Pour ce qui est du rôle de gestionnaire, les enseignantes s’occupent de la gestion du matériel pédagogique et de la planification de l’enseignement au palier I. Les orthopédagogues partagent des conseils concernant le matériel pédagogique aux enseignantes, mais elles le font de façon ponctuelle et informelle.
Pour ce qui est du rôle d’évaluatrice, deux cas de figure ont été observés. Dans la D2 (cas de figure 1), l’enseignante prend en charge complètement le dépistage universel et l’orthopédagogue est surtout sollicitée lors de la prise de décision. La D1 (cas de figure 2) procède différemment. Elle partage l’entière responsabilité de la démarche de dépistage universel, de la passation à la prise de décision. La D3 ne met pas en place les pratiques d’évaluation inhérentes au modèle RàI (dépistage universel et pistage de progrès). L’analyse en lien avec le rôle d’évaluatrice porte donc seulement sur la D1 et la D2.

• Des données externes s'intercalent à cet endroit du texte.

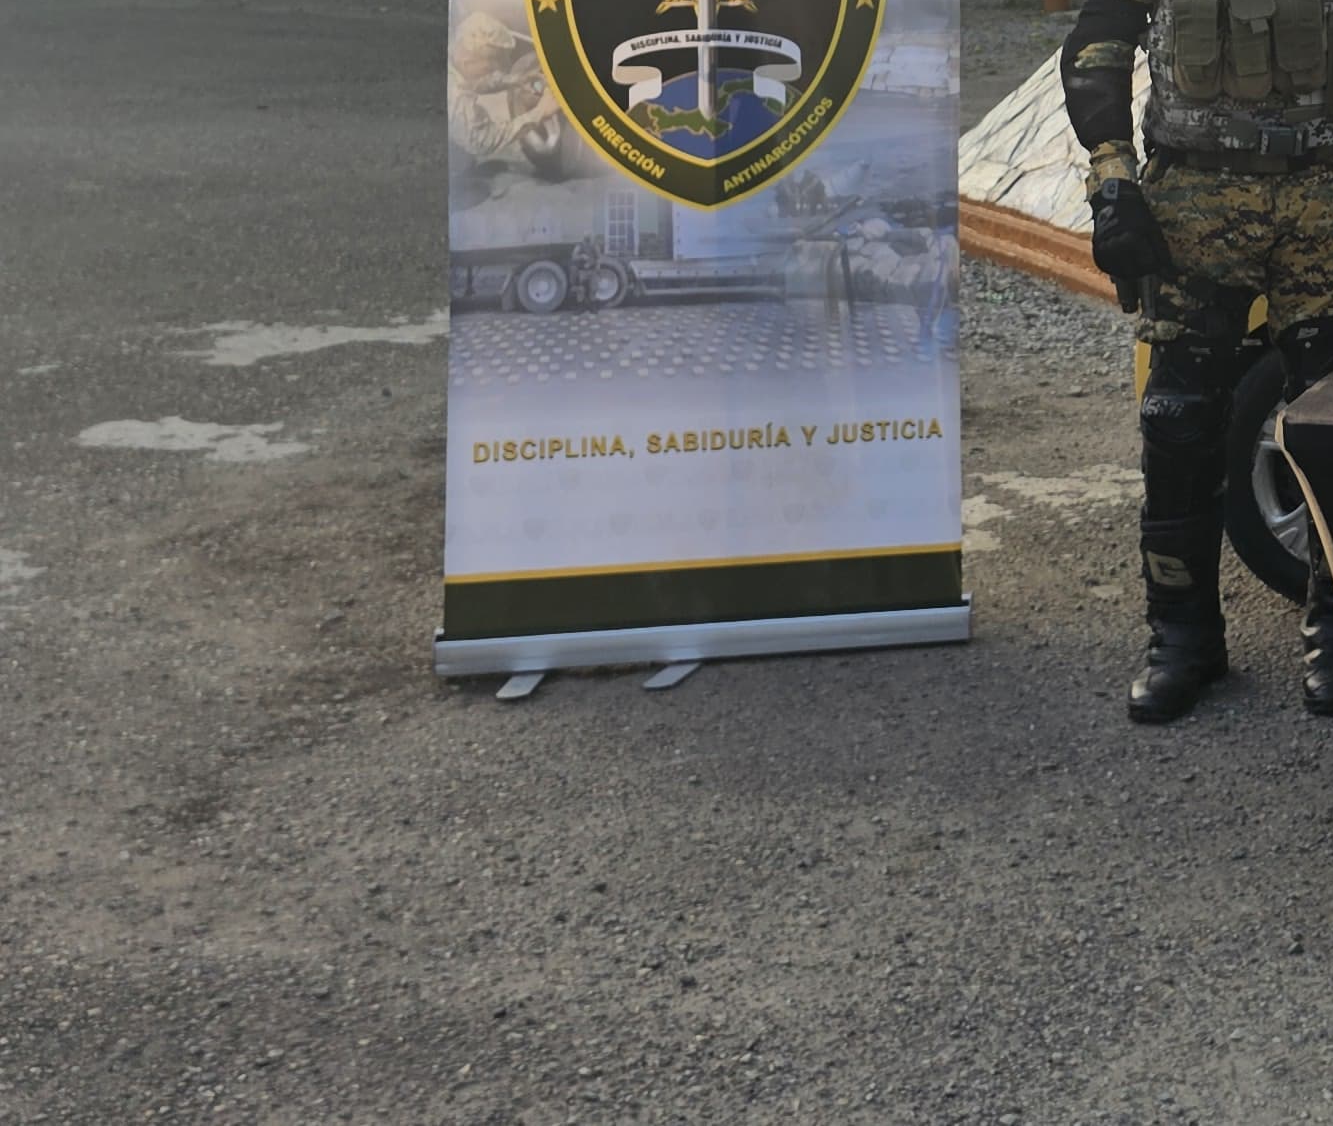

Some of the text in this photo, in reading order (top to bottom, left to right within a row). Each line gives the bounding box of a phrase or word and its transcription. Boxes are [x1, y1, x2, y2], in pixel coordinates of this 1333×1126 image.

[592, 96, 834, 193] DIRECCIÓN ANTINARCÓTICOS
[473, 418, 944, 463] DISCIPLINA, SABIDURÍA Y JUSTICIA
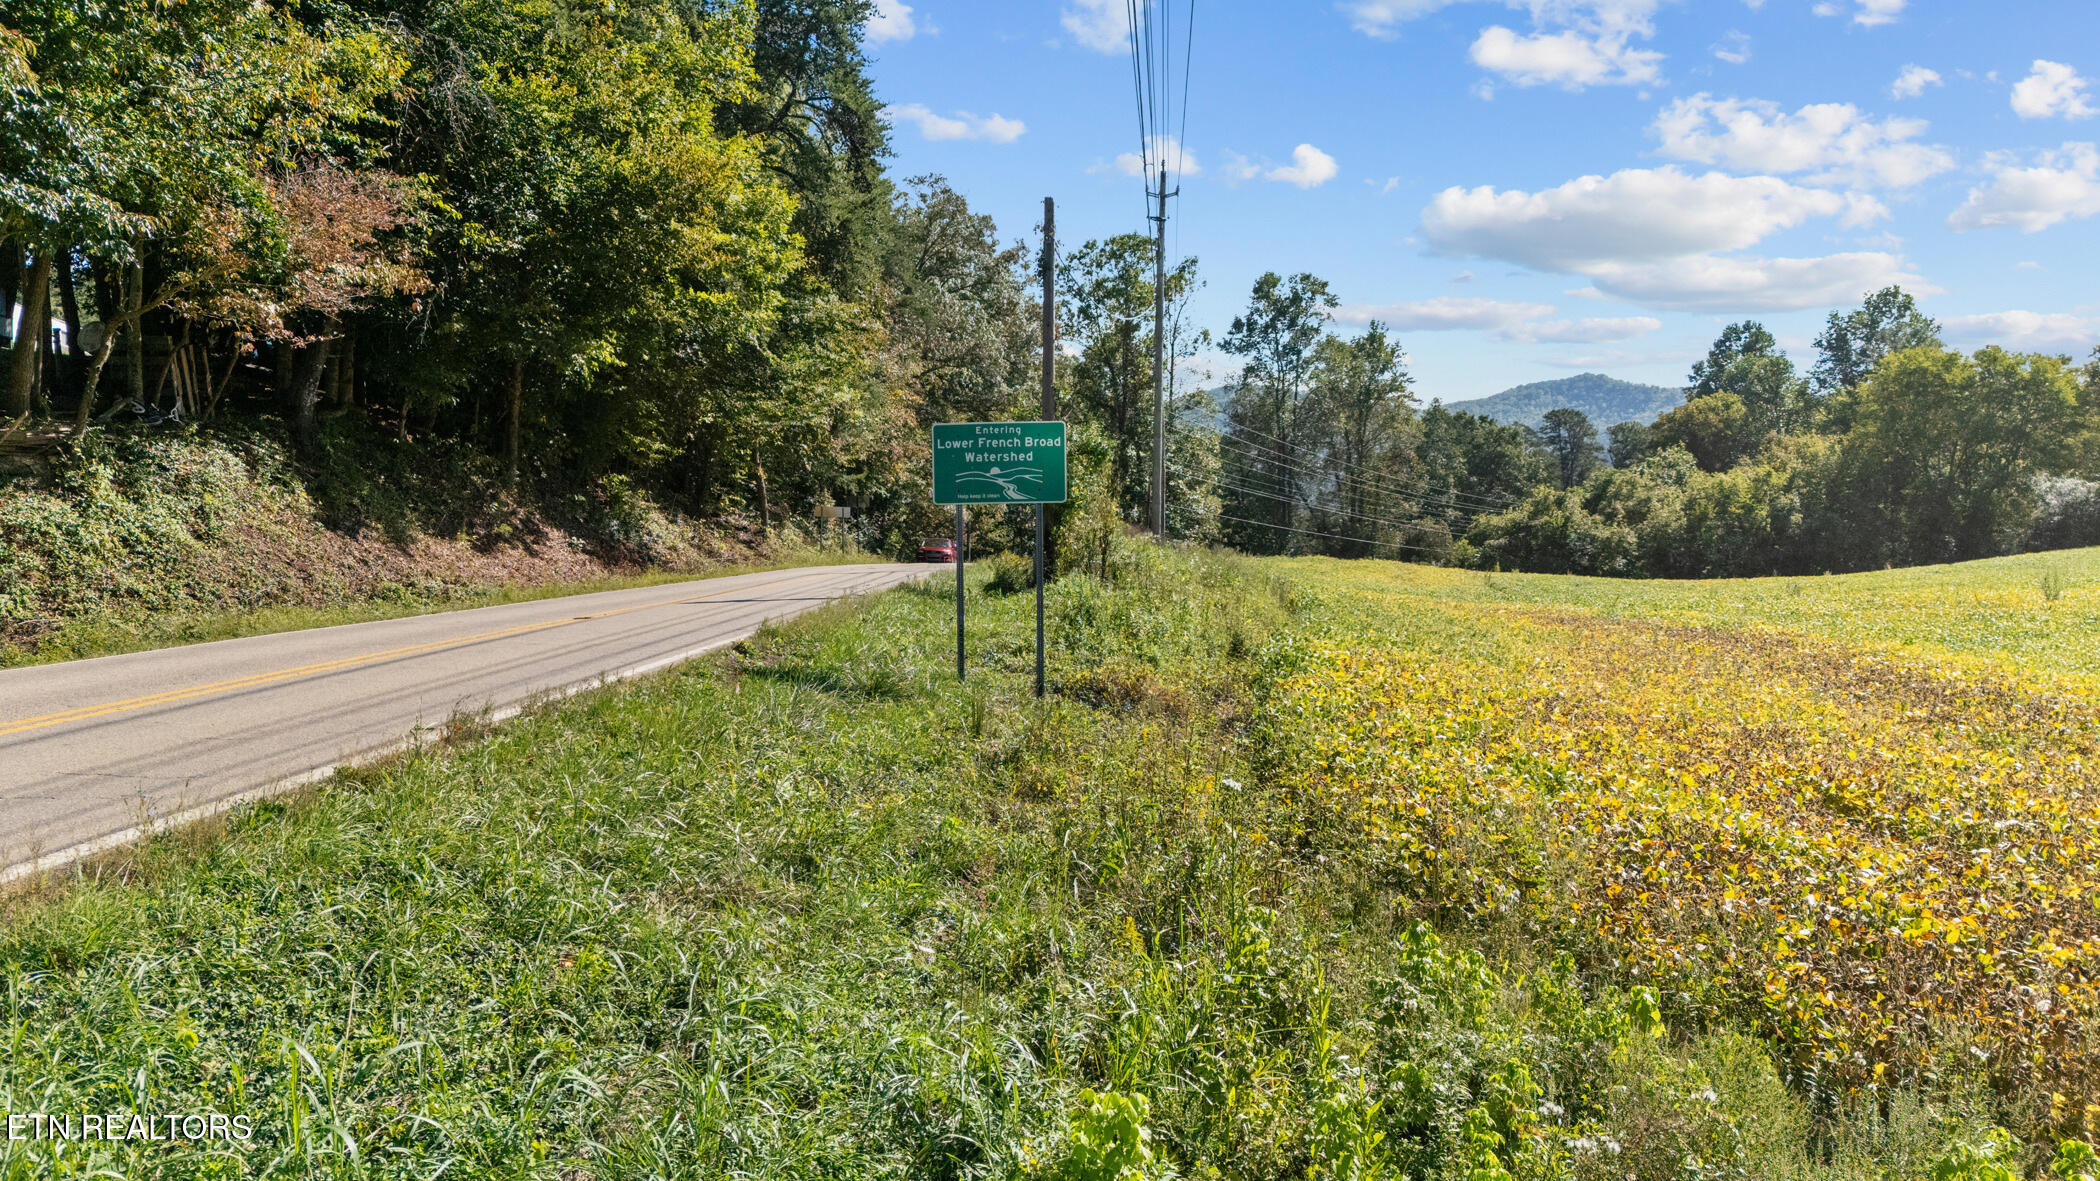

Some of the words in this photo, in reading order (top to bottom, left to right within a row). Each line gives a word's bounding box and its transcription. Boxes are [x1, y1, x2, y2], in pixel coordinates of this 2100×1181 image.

[975, 426, 1021, 435] Entering
[937, 439, 974, 449] Lower
[978, 437, 1021, 447] French
[1024, 436, 1061, 447] Broad
[965, 451, 1033, 462] Watershed
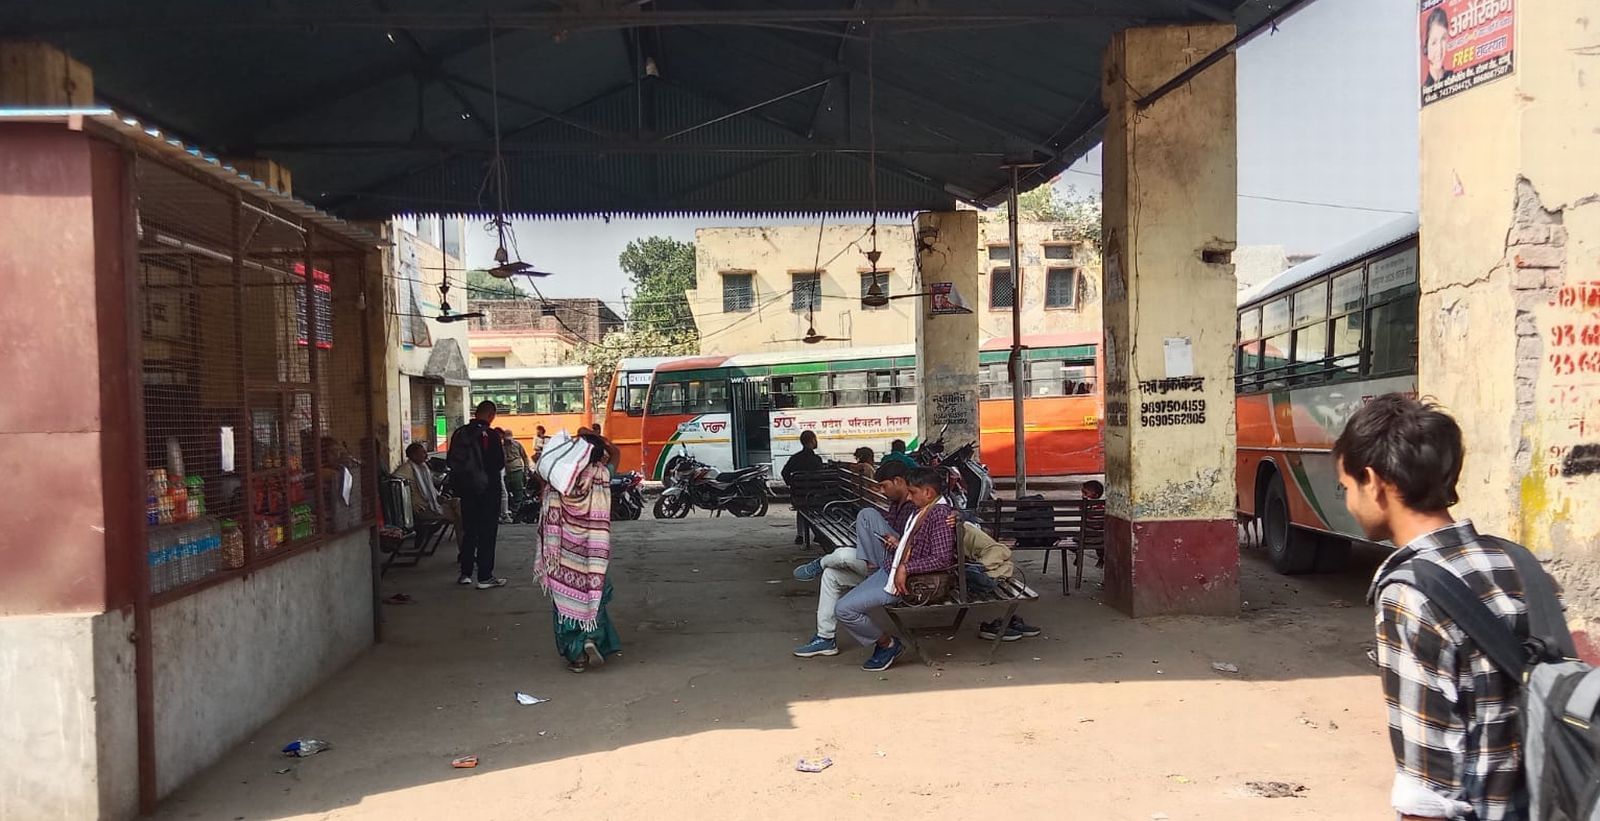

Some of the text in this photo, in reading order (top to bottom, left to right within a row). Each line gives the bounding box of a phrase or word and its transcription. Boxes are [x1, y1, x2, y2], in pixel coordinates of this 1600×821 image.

Enfin, en ce qui a trait au rôle de collaboratrice, les enseignantes sont appelées à collaborer avec leurs collègues enseignantes du même niveau ou du même cycle. Elles doivent aussi collaborer avec les parents. Les orthopédagogues peuvent parfois contribuer à la planification (ex. : co-planification d’une période de coenseignement). Elle joue également un rôle de soutien pédagogique à l’occasion de façon informelle.
Tableau 2
Répartition des rôles des enseignantes et des orthopédagogues au palier I
Description de la répartition des rôles au palier II
Au palier II, les résultats démontrent que les enseignantes et les orthopédagogues détiennent des responsabilités dans chacun des rôles clés (tableau 3). En ce qui a trait au rôle d’intervenant, les enseignantes animent des interventions de palier II en classe auprès d’un sous-groupe d’élèves. Pour ce faire, elles doivent s’occuper de la gestion de l’enseignement destiné au sous-groupe d’élèves, ainsi que pour les autres élèves de la classe. La question de la gestion de classe est également très importante, puisque les autres élèves doivent travailler de façon autonome en maintenant un climat propice aux apprentissages. Enfin, elles s’assurent de consigner les observations pendant qu’elles interviennent auprès du sous-groupe d’élèves. Les orthopédagogues s’occupent de choisir et d’élaborer leurs interventions, tout en assurant une consignation des observations pour documenter le progrès des élèves. Ces interventions sont majoritairement effectuées à l’extérieur de la classe.
Pour ce qui est du rôle de gestionnaire, les enseignantes s’occupent de la recherche et de la conception du matériel pour les activités pédagogiques prévues pour le sous-groupe d’élèves, ainsi que pour le reste des élèves de la classe. Les orthopédagogues doivent rechercher et concevoir le matériel pédagogique pour les interventions destinées aux sous-groupes d’élèves suivis. Elles conçoivent aussi des outils de pistage de progrès, qu’elles partagent avec les enseignantes. Elles doivent également élaborer leur horaire de service en concertation avec les enseignantes.
Le rôle d’évaluatrice se distribue encore une fois de deux manières différentes. Une dyade (cas de figure 1) se distribue les responsabilités du pistage de progrès. L’enseignante et l’orthopédagogue s’occupent de faire la passation des épreuves, l’analyse et la compilation des données chacune de leur côté pour les élèves qui les concernent. La décision concernant la poursuite ou non du service en orthopédagogie est prise par l’orthopédagogue à la lumière des données obtenues. Une autre dyade procède différemment (cas de figure 2). Elles effectuent toutes les étapes du pistage de progrès ensemble et elles le font une seule fois, à mi-chemin dans la séquence d’interventions.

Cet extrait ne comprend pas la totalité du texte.